Monday, November 5, 2018

Product Success Metrics


Your company is considering the release/launch of a new product/feature and they need to know what success looks like with it.  In this walkthrough we’ll use Facebook Stickers as our example.  What follows is a framework you could use to assess the success of a product or feature launch.  

  1. What metrics would you look at to evaluate the success of the Facebook Stickers launch?  Start with the AARRR framework.

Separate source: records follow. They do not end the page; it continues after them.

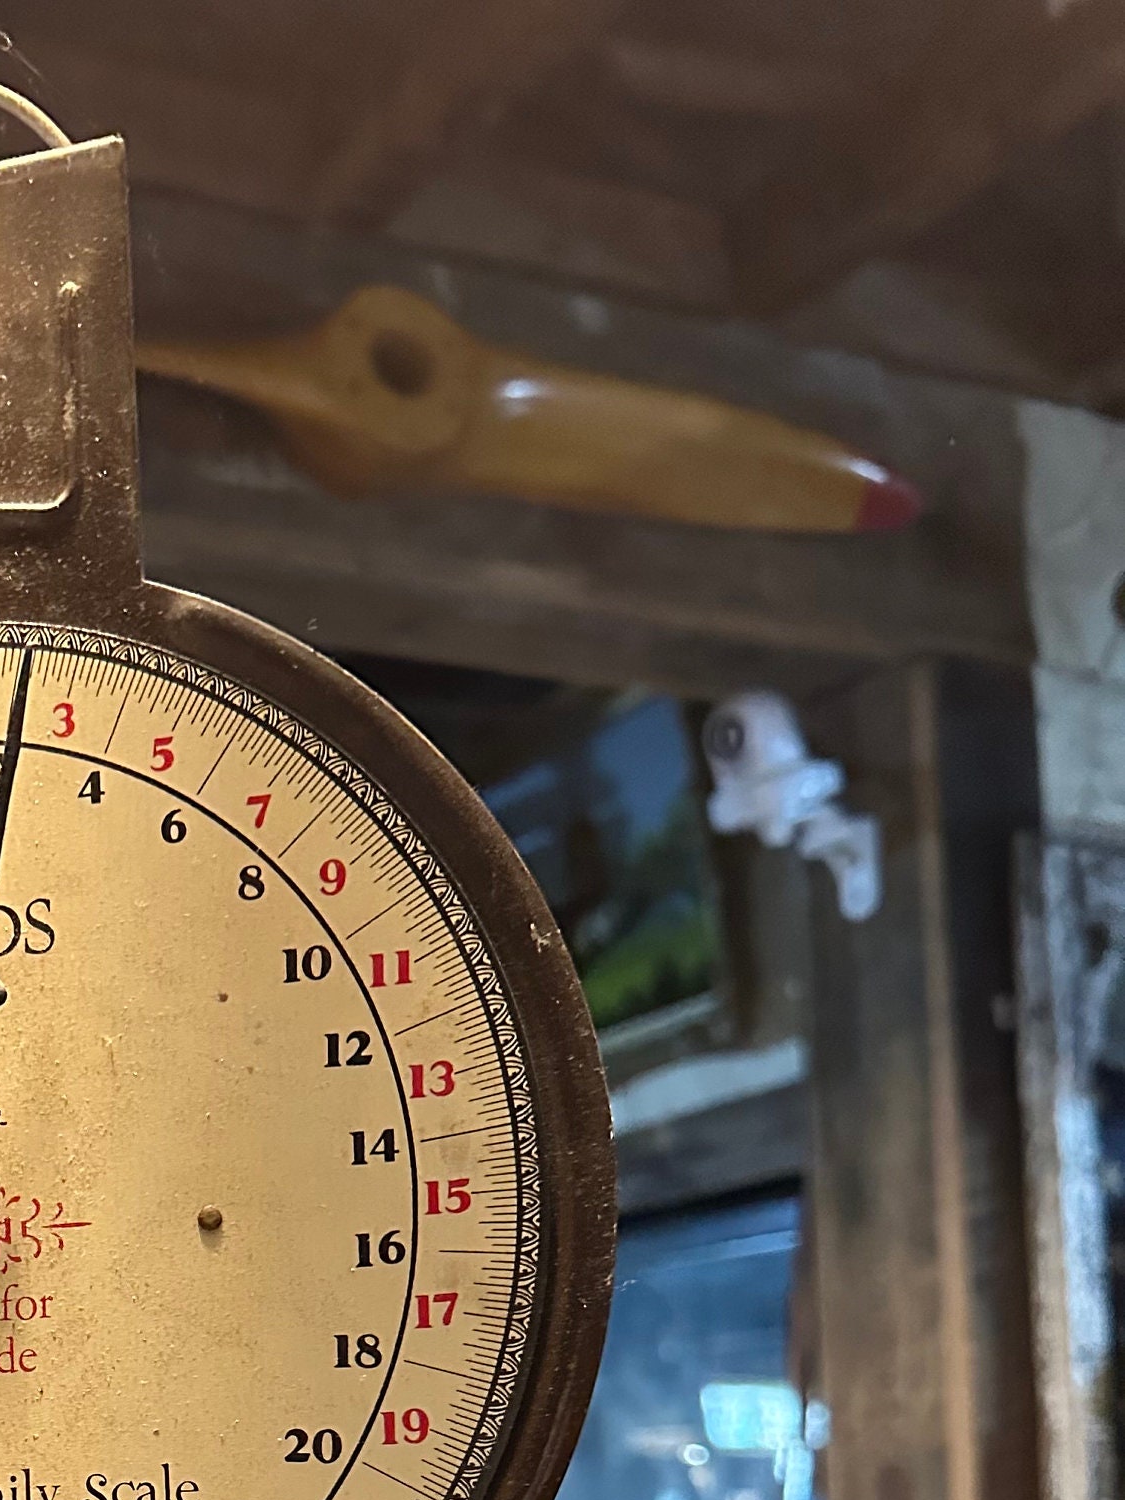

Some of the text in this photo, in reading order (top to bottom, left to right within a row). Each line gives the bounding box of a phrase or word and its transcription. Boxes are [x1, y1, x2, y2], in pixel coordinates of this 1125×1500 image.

[54, 702, 75, 738] 3
[152, 736, 175, 772] 5
[78, 771, 105, 804] 4
[161, 809, 186, 843] 6
[247, 794, 271, 828] 7
[239, 865, 264, 900] 8
[320, 859, 347, 895] 9
[283, 946, 331, 983] 10
[371, 950, 411, 988] 11
[324, 1031, 372, 1067] 12
[411, 1060, 455, 1098] 13
[350, 1129, 399, 1165] 14
[427, 1178, 471, 1214] 15
[355, 1230, 405, 1268] 16
[0, 1284, 53, 1322] for
[417, 1292, 458, 1329] 17
[334, 1334, 382, 1368] 18
[383, 1409, 429, 1445] 19
[285, 1429, 342, 1464] 20
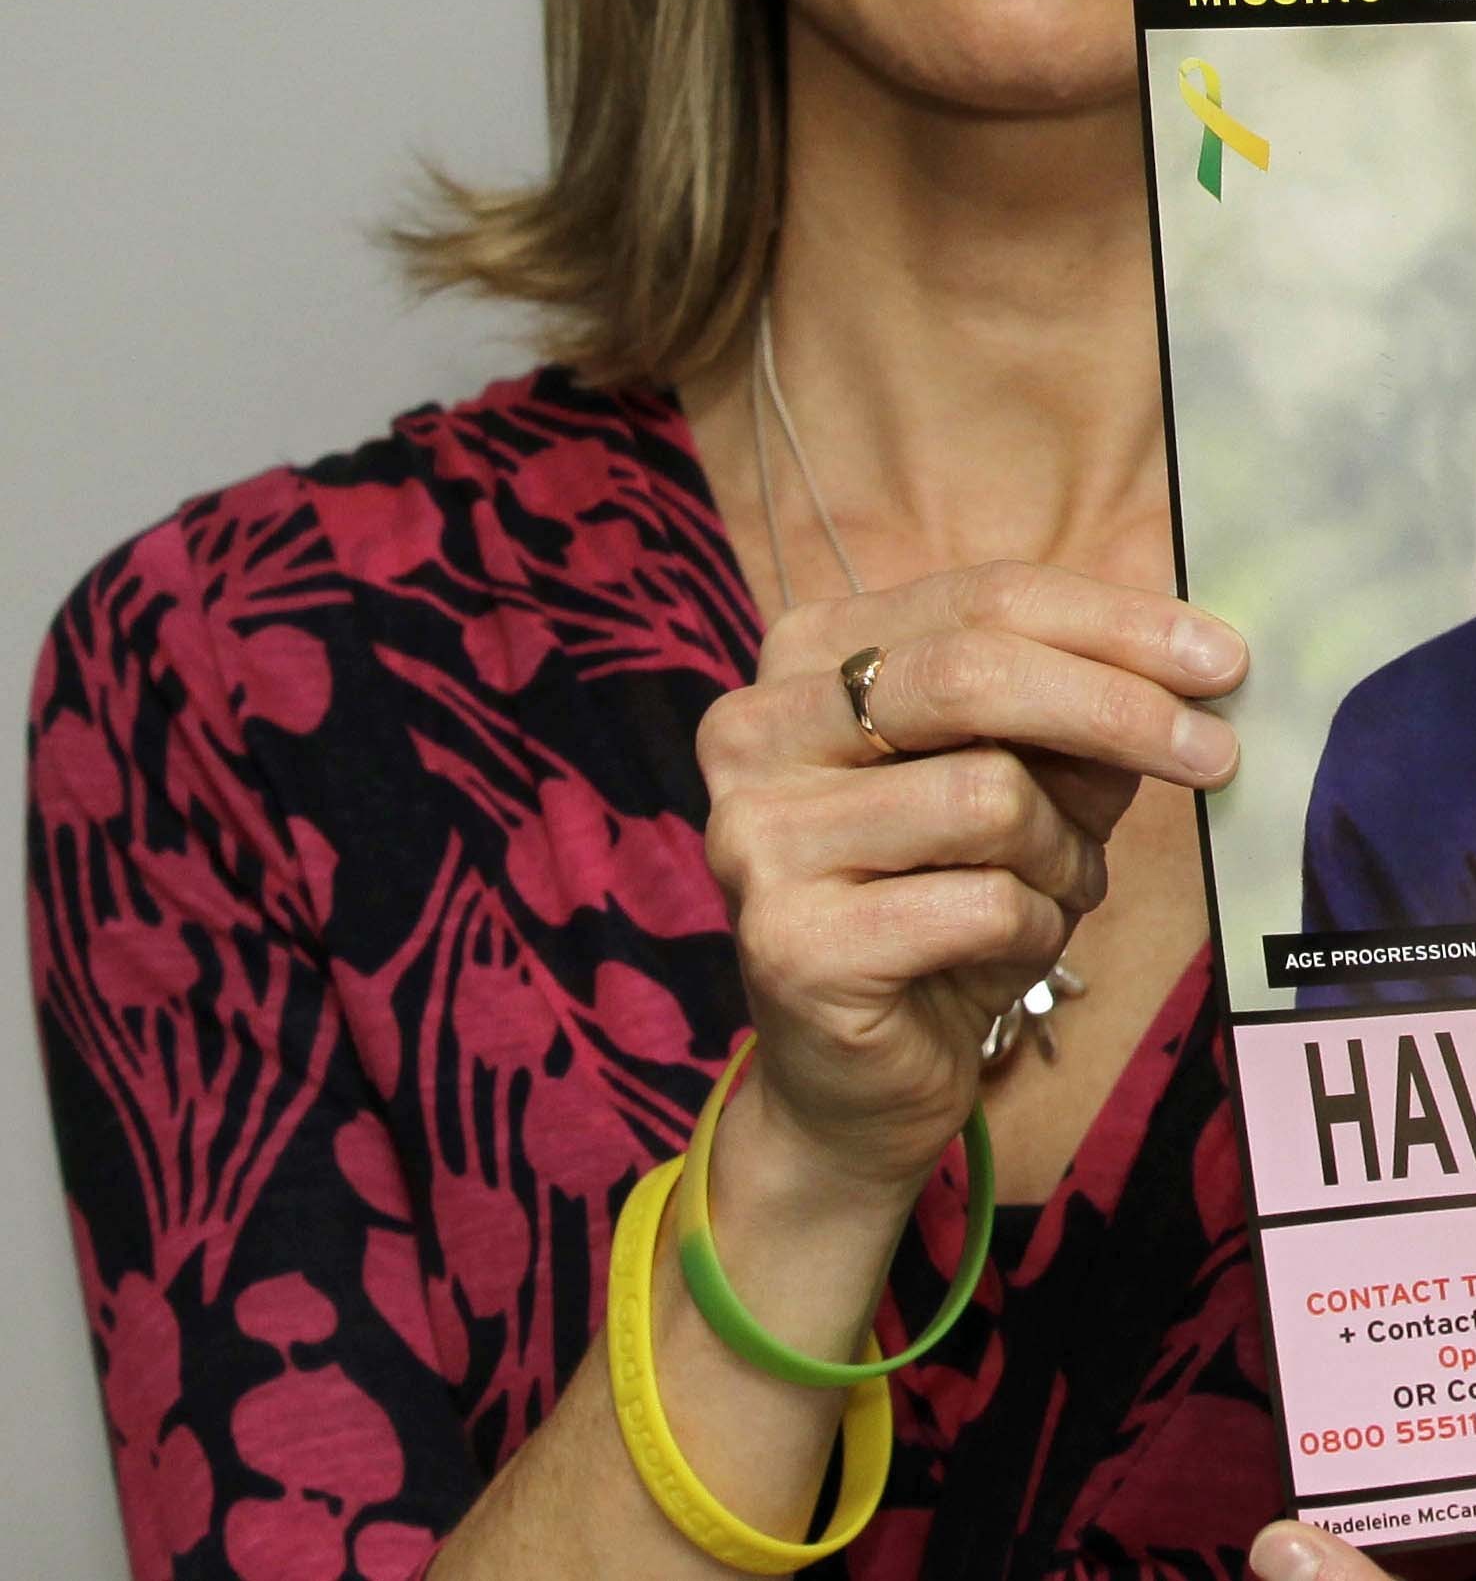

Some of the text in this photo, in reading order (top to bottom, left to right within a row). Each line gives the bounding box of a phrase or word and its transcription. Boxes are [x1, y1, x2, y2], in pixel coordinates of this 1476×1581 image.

[1285, 951, 1326, 970] AGE
[1331, 941, 1476, 967] PROGRESSION
[1306, 1277, 1451, 1316] CONTACT
[1339, 1327, 1356, 1344] +
[1393, 1383, 1437, 1409] OR
[1299, 1424, 1385, 1456] 0800
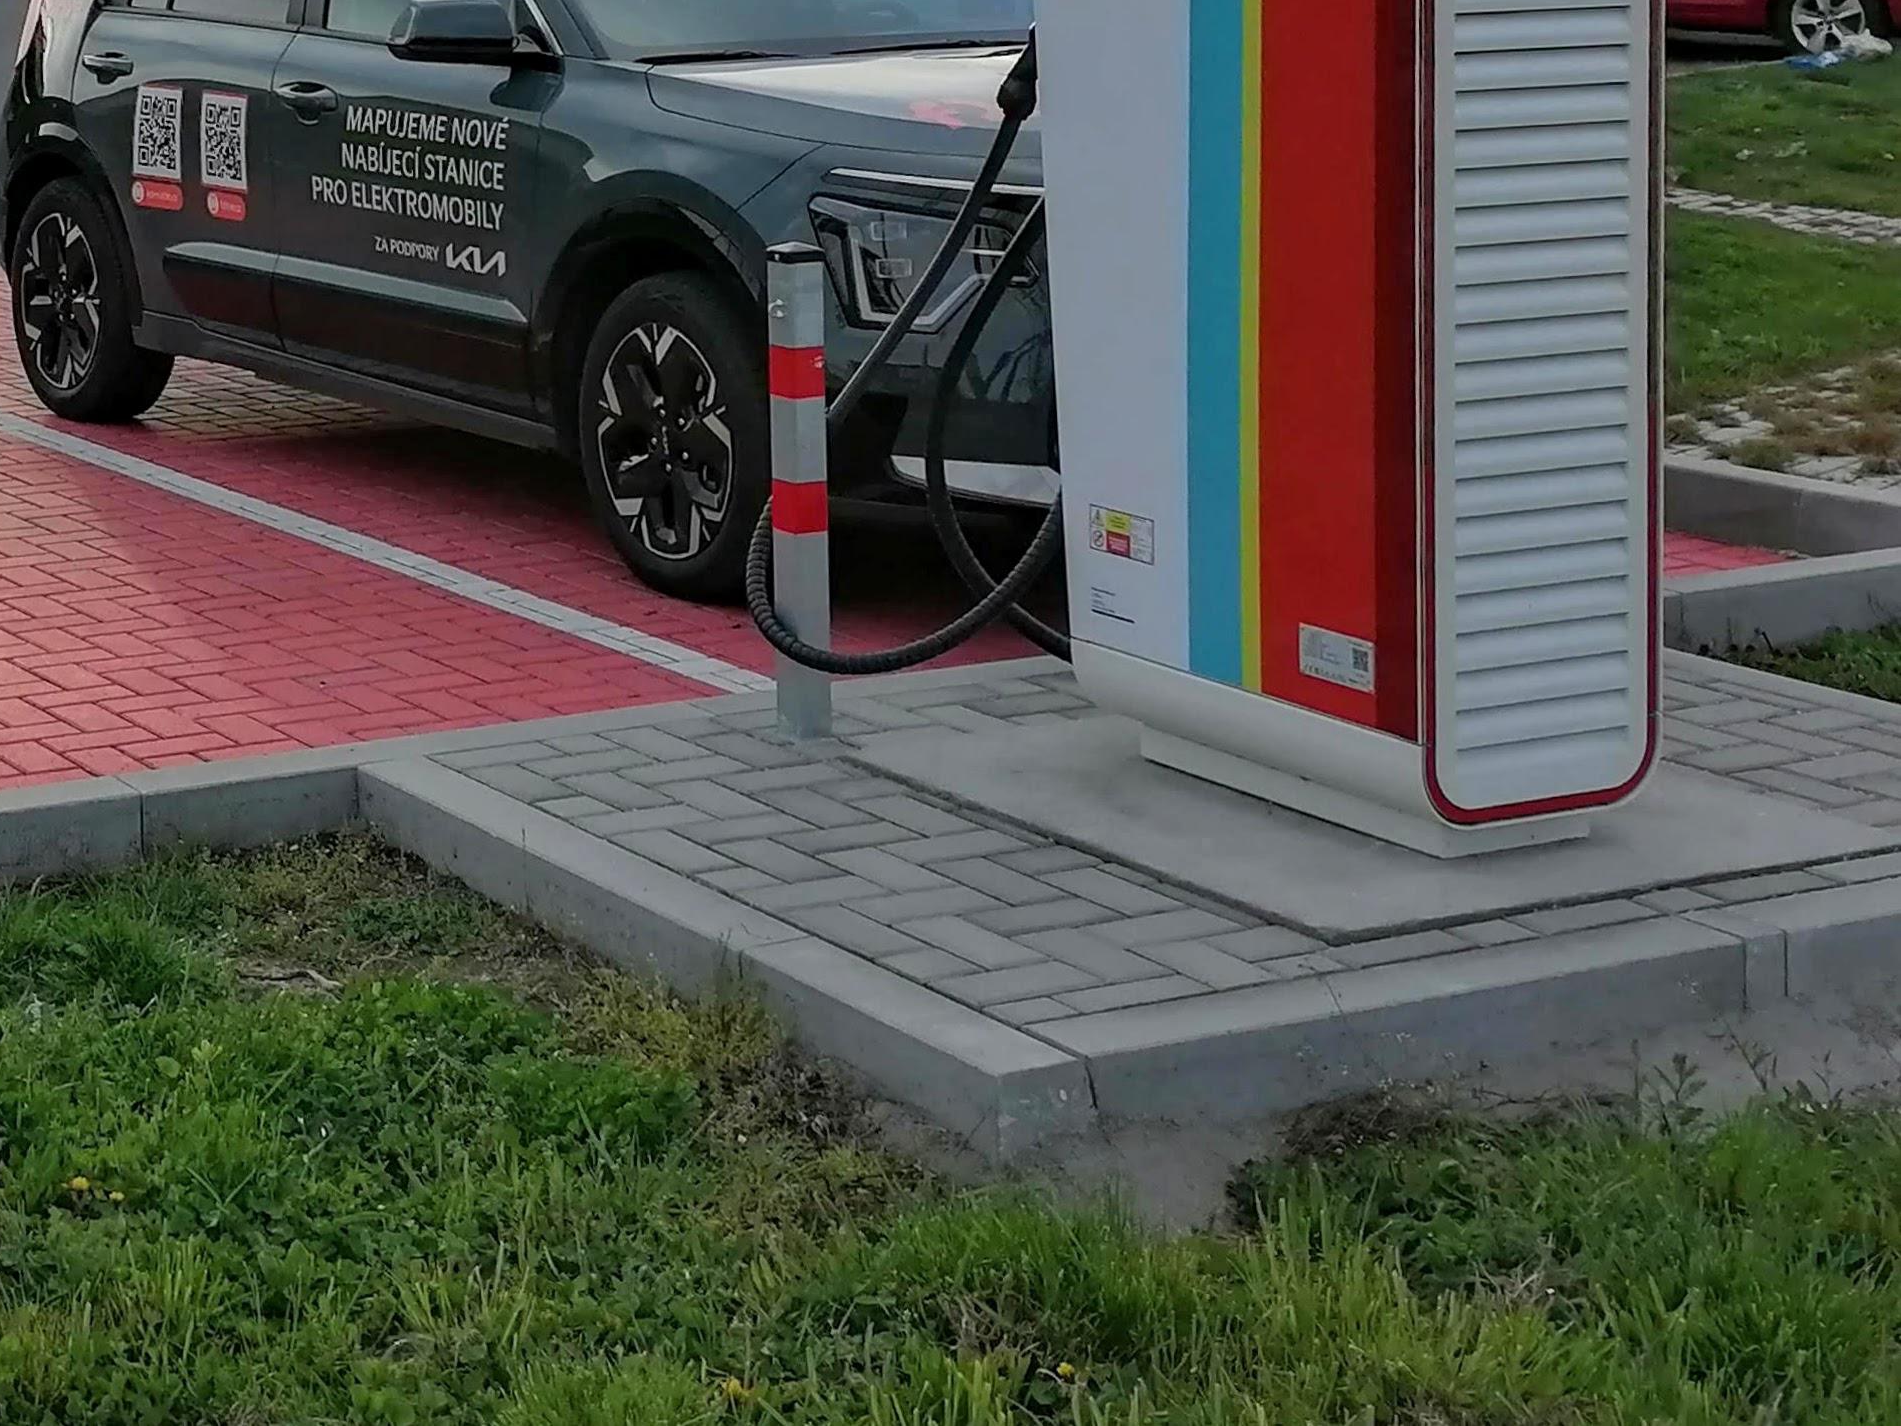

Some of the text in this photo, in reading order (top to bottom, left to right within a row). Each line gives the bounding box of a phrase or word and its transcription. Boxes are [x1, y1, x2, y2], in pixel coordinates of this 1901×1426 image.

[346, 105, 509, 150] MAPUJEME NOVÉ
[342, 142, 504, 191] NABÍJECÍ STANICE
[312, 176, 504, 230] PRO ELEKTROMOBILY
[374, 236, 439, 261] ZA PODPORY
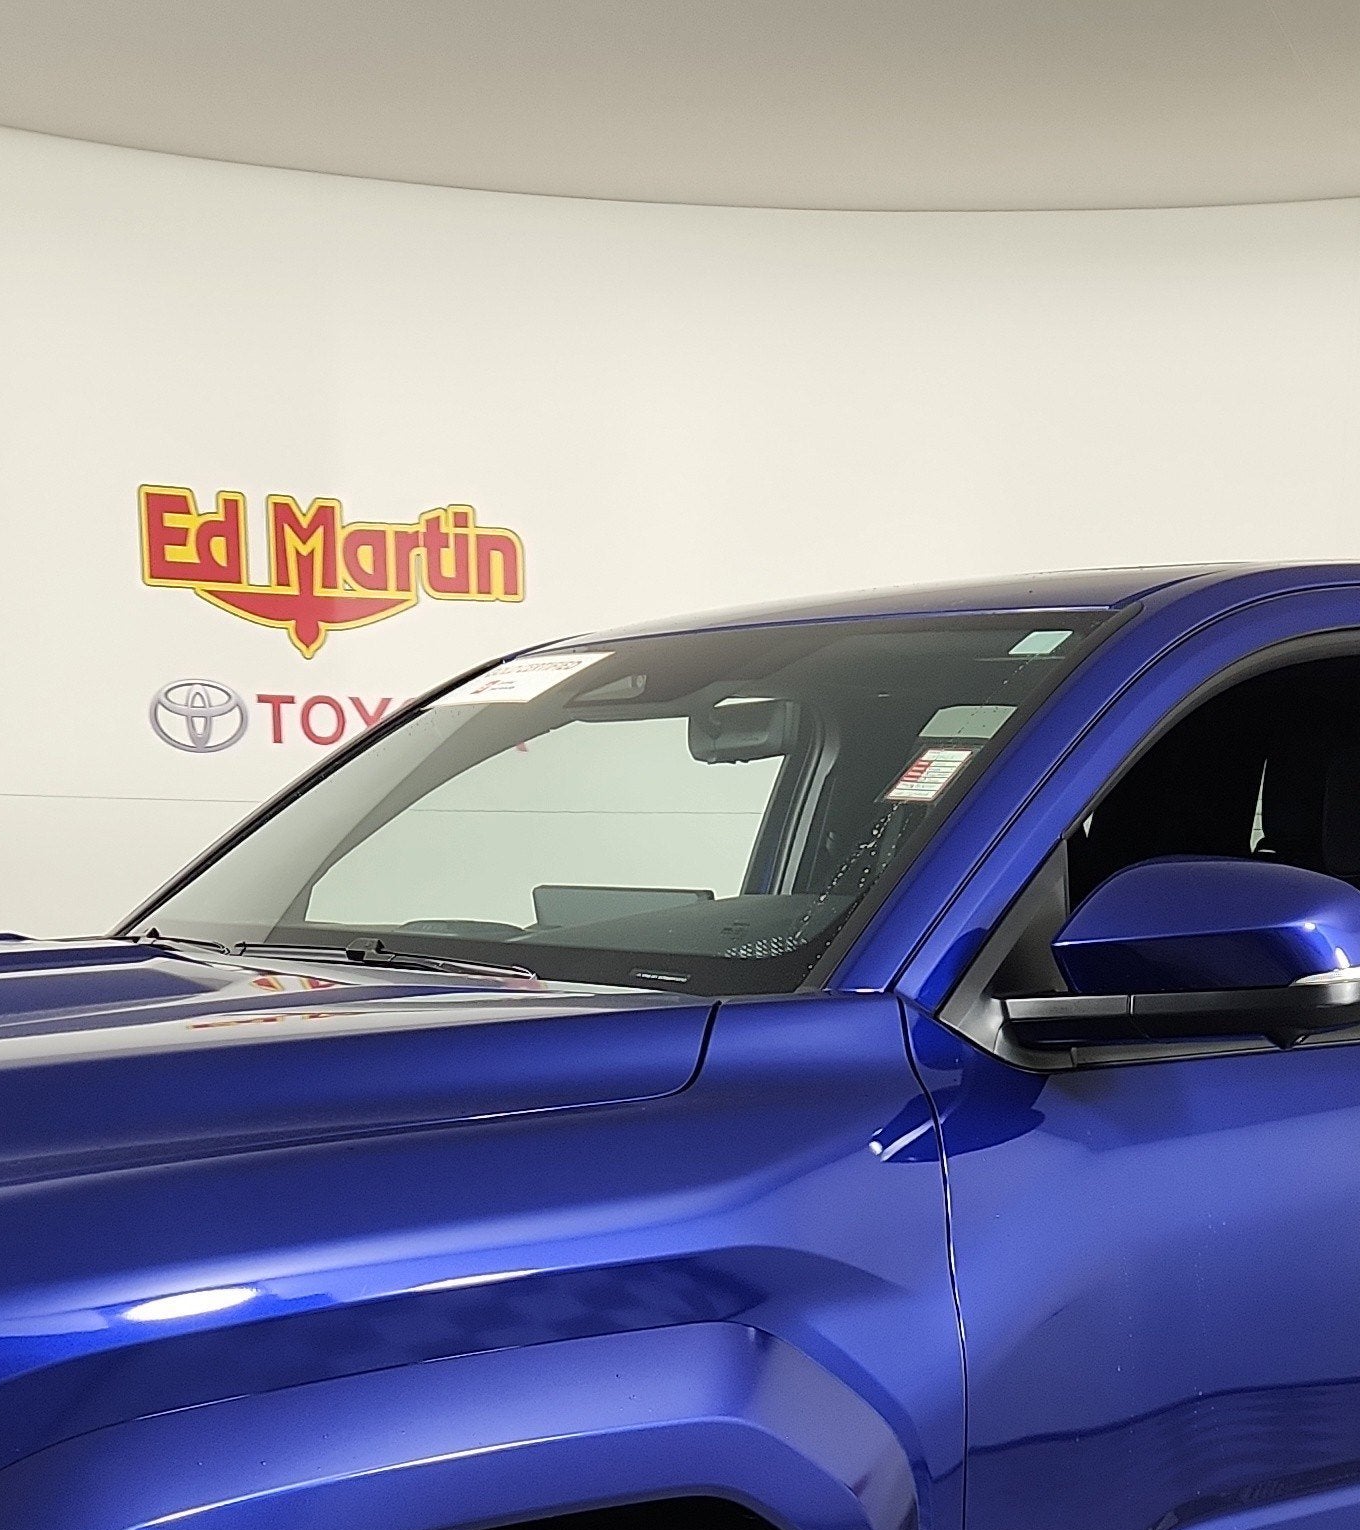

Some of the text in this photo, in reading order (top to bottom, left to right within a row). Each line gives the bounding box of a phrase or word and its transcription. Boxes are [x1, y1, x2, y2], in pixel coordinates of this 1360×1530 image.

[138, 484, 524, 602] Ed Martin
[255, 692, 422, 746] TOY

  • A: Acquisition - how you are getting users to your product
  • A: Activation - getting users to sign up for service/product, i.e. number of conversions from a reader to someone who actually creates an account
  • R: Retention - getting users to engage with product multiple times over a long period of time, i.e. day 1, day 7, day 14, day 60 retention rates
  • R: Referral - Measures the virality of the product, how would the user refer this product to anyone else.  I.e. dropbox gave free space to referrers for referring the service to other users. 
  • R: Revenue - endpoint of funnel at which user converts into a paying customer.
  1. Pick out relevant metrics and why these metrics make more sense to track than others.  Last three of AARRR would be most relevant.  AA wouldn’t be measured cause it doesn’t necessarily affect the signup process or first interacting with fb messenger.  It isn’t necessarily why someone starts to use fb messenger in the first place.  It does keep people around and may generate revenue because they could pay for premium or alternate stickers.      
  2. Focus on the trade-offs.  Sign ups may go up by 3%, but session times decrease by 4%.  Ask the company what the current strategic goals are right now?  Launching stickers perhaps made 7 day retention go up, avg. # of messages sent went up, revenue went up by 1%, but referral invites to fb down 2%.  With FB already capturing market share we don’t need more users, but we want more engaged users instead of more referrals.

This is a brief, but effective way to quickly determine what success metrics to use and track for a new product or feature release.